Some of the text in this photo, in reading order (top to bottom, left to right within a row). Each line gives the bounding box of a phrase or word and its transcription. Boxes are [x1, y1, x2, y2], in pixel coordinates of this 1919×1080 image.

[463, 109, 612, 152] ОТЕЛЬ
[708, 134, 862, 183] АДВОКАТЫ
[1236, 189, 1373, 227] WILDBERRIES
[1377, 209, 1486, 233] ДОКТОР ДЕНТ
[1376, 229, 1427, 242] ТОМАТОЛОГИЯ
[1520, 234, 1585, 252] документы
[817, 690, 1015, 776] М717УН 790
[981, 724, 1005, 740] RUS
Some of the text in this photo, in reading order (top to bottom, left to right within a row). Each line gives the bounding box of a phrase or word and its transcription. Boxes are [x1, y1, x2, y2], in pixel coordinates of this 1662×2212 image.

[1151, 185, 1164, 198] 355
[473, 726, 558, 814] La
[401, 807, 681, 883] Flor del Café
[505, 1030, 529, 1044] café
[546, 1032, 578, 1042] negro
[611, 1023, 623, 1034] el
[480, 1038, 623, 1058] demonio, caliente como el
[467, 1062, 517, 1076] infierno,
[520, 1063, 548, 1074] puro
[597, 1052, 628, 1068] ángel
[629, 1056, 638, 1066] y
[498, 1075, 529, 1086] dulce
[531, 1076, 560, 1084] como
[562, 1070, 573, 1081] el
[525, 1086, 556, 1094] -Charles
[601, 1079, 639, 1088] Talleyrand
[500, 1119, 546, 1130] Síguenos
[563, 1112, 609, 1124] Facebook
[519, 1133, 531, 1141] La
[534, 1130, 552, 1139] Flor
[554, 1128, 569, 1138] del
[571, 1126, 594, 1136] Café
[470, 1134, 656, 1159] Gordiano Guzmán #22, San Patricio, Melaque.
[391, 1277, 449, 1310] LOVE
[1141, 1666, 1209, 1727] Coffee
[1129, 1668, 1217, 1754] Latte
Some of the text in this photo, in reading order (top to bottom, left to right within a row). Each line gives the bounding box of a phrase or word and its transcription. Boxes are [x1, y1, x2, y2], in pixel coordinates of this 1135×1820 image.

**What to work on**
All of the data, from the first line to the last, should be written out exactly.

**Expected answer**
Some of the text in this photo, in reading order (top to bottom, left to right within a row). Each line gives the bounding box of a phrase or word and its transcription. Boxes are [x1, y1, x2, y2], in pixel coordinates of this 1919×1080 image.

[463, 109, 612, 152] ОТЕЛЬ
[708, 134, 862, 183] АДВОКАТЫ
[1236, 189, 1373, 227] WILDBERRIES
[1377, 209, 1486, 233] ДОКТОР ДЕНТ
[1376, 229, 1427, 242] ТОМАТОЛОГИЯ
[1520, 234, 1585, 252] документы
[817, 690, 1015, 776] М717УН 790
[981, 724, 1005, 740] RUS
Some of the text in this photo, in reading order (top to bottom, left to right within a row). Each line gives the bounding box of a phrase or word and its transcription. Boxes are [x1, y1, x2, y2], in pixel coordinates of this 1662×2212 image.

[1151, 185, 1164, 198] 355
[473, 726, 558, 814] La
[401, 807, 681, 883] Flor del Café
[505, 1030, 529, 1044] café
[546, 1032, 578, 1042] negro
[611, 1023, 623, 1034] el
[480, 1038, 623, 1058] demonio, caliente como el
[467, 1062, 517, 1076] infierno,
[520, 1063, 548, 1074] puro
[597, 1052, 628, 1068] ángel
[629, 1056, 638, 1066] y
[498, 1075, 529, 1086] dulce
[531, 1076, 560, 1084] como
[562, 1070, 573, 1081] el
[525, 1086, 556, 1094] -Charles
[601, 1079, 639, 1088] Talleyrand
[500, 1119, 546, 1130] Síguenos
[563, 1112, 609, 1124] Facebook
[519, 1133, 531, 1141] La
[534, 1130, 552, 1139] Flor
[554, 1128, 569, 1138] del
[571, 1126, 594, 1136] Café
[470, 1134, 656, 1159] Gordiano Guzmán #22, San Patricio, Melaque.
[391, 1277, 449, 1310] LOVE
[1141, 1666, 1209, 1727] Coffee
[1129, 1668, 1217, 1754] Latte
Some of the text in this photo, in reading order (top to bottom, left to right within a row). Each line gives the bounding box of a phrase or word and its transcription. Boxes are [x1, y1, x2, y2], in pixel coordinates of this 1135×1820 image.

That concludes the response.